Era noite de uma segunda-feira de inverno. No frio daquela noite, o vento fustigava a sua pele. A chuva havia cessado, e as nuvens cinzentas evadiram-se do céu, dando lugar à Lua e às estrelas. O luar escorria pelas rochas escorregadias e acalmava as plantas com a sua serenidade. Anselmo ficou quieto, em sintonia com o silêncio soberano da noite fria. O sono veio dessa tranquilidade. Adormeceu enrolado no edredom que cobria a cama. O dia seguinte amanhecera ensolarado, espantando o frio cortante que o afligira durante a noite. A névoa desfez-se, e o Sol brilhava no céu aberto. “Senhor, obrigado por mais um dia!”, exclamou no seu íntimo ao despertar, enquanto apreciava o voo das andorinhas pela janela do quarto. Abraçou o travesseiro, querendo dormir outra vez, mas o sono não veio. O sono tinha ido embora, deixando apenas a lembrança do que havia sonhado. Era bom estar ali, em paz consigo mesmo. Olhando para o azul do céu, recordou o sonho que tivera naquela noite gélida. Neste sonho, Anselmo estava atravessando um rio num barco a remo, quando se deparou com uma mulher vestindo uma túnica branca e reluzente. Atrás dela havia três cavaleiros montados em cavalos de pelo negro, dispostos um ao lado do outro, cada qual com uma espada embainhada na cintura. Estavam todos postados sobre a água lamacenta do rio. A mulher louvou o nome de Deus, ao que se seguiu o estrondo de um trovão, que o ensurdeceu por um instante. Depois disso, ela disse-lhe em tom suave: “Em nome do Pai, eu o declaro guerreiro de Deus”. Em seguida, os cavaleiros empunharam as espadas e as apontaram na direção de Anselmo, que viu sair delas um jorro de luz dourada que o envolveu por inteiro. Notou que os cavaleiros sorriam, e os seus olhos eram intensamente vermelhos. Pareciam rubis com lapidação brilhante. Anselmo demonstrou gratidão pela honra de integrar o exército divino juntando as mãos na altura do peito. Assim que terminou o gesto de agradecimento, despertou do sono.
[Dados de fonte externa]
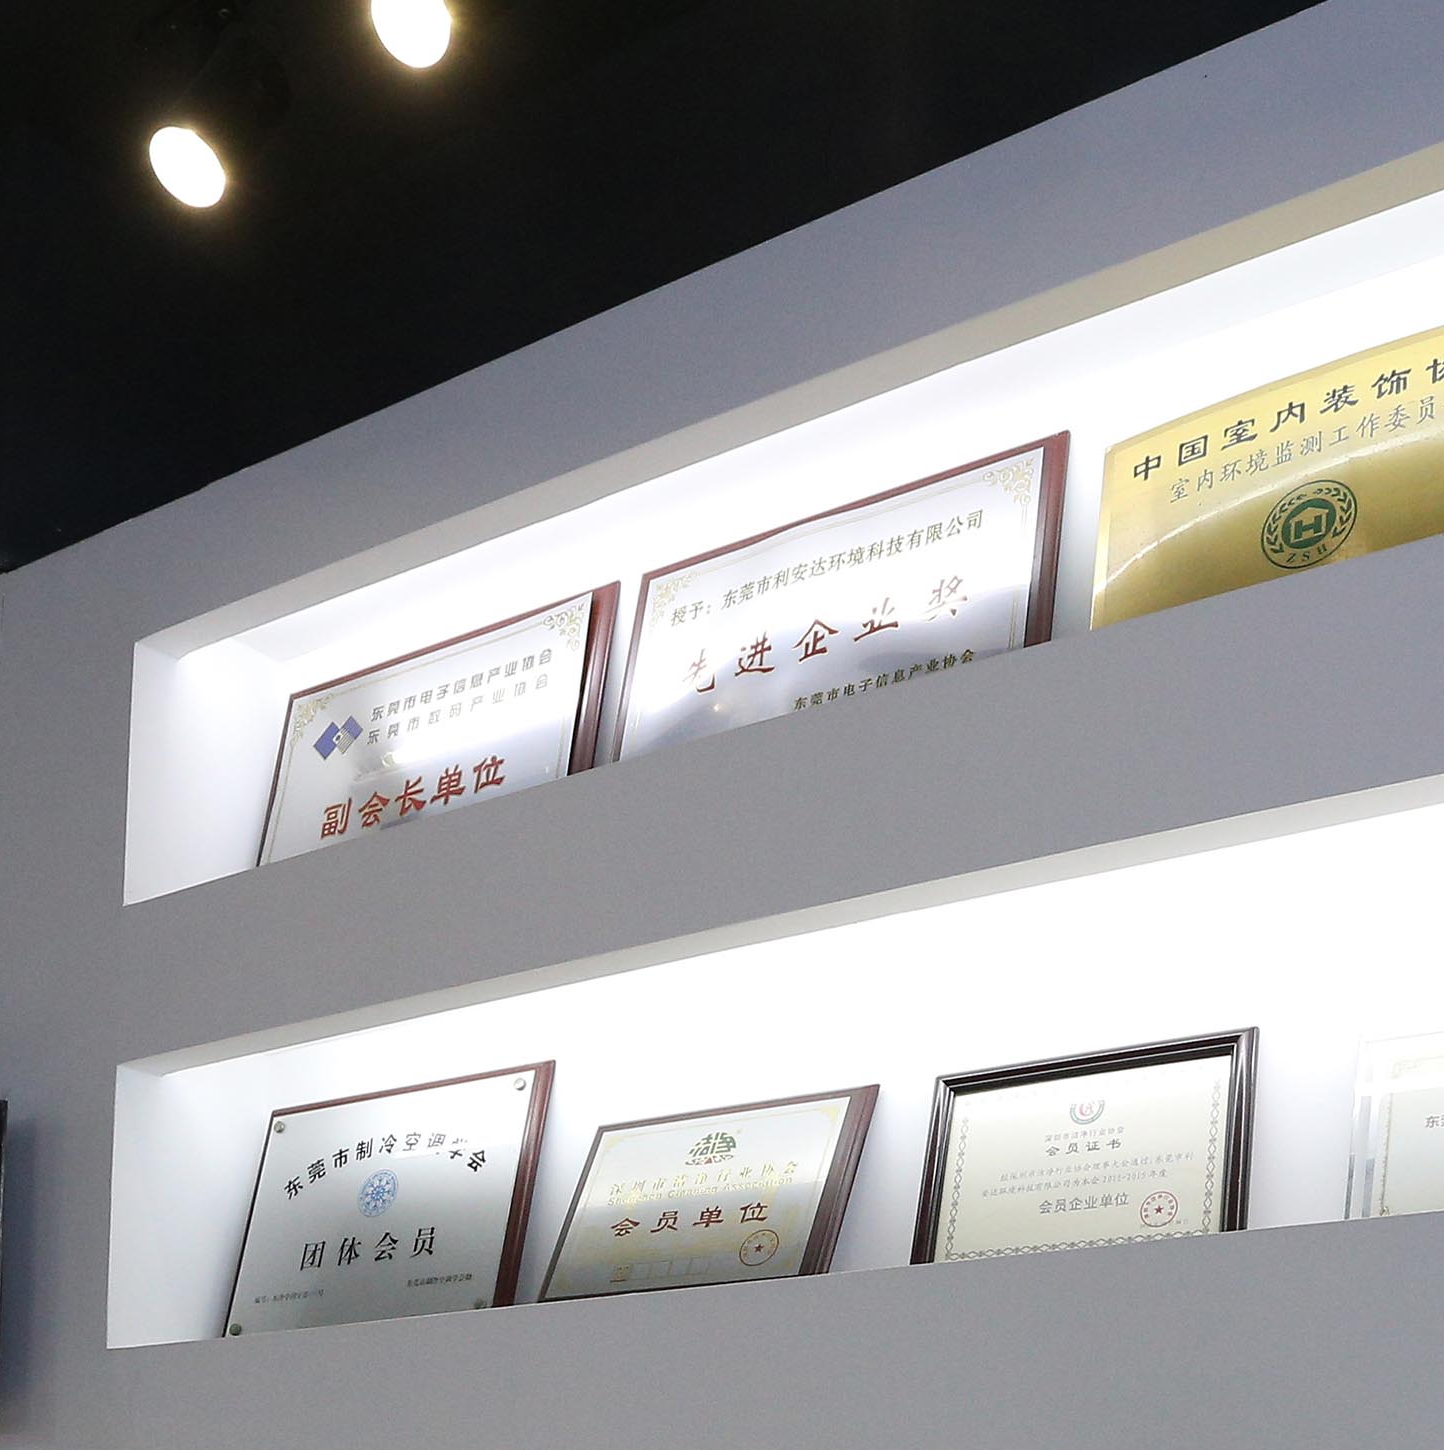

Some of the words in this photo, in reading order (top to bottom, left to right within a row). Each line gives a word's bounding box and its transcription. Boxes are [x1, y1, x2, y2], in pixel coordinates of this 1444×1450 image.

Levantou-se da cama e foi até a sala. Sentou-se no sofá e, introspectivo, refletia sobre o sonho inusitado. “Será que eu fui eleito por Deus?”, indagou-se em silêncio. Nunca antes acreditara em sonhos, mas aquele foi muito real. Afora esse, não havia experimentado até então outro sonho no qual tivesse tanta consciência de si mesmo, como se estivesse acordado. Ao anoitecer, saiu de casa para dar uma caminhada. Tinha andado já uns dois quilômetros quando, repentinamente, deparou-se com um cão que avançava em sua direção, mas, em vez de atacá-lo, o cão parou diante dele e ficou latindo, como se quisesse lhe dizer algo muito importante. Em seguida, o cão deu-lhe as costas, afastou-se alguns metros, virou-se para ele e voltou a latir alto. Anselmo entendeu que o cão queria que ele o acompanhasse. Foi isso que decidiu fazer. Seguiu o cão até a beira do rio. Nesse momento, fitando o céu estrelado, lembrou-se do sonho. Tudo acontecera naquele rio de águas turvas. O cão abocanhou uma folha de papel, e a levou para perto dele. Deixou-a sobre a grama, e correu em direção ao matagal, perdendo-se de vista. Anselmo agachou-se, pegou a folha de papel, dobrou-a e colocou-a no bolso do casaco de couro. Naquela escuridão, sem uma lanterna, não conseguiria ler o que estava escrito. Retornou para casa apressado, porque estava ansioso para saber o que dizia aquela carta. Durante o trajeto de volta, tentou lembrar-se do que fizera na parte da tarde daquele dia, mas nada lhe ocorria na memória. Era como se não tivesse existido. Preocupado com o horário, pediu a um pescador, que vinha em sentido contrário, que lhe prestasse essa informação. No entanto, não foi atendido. O pescador passou por ele sem lhe dar atenção. “Que sujeito mal-educado!”, queixou-se indignado.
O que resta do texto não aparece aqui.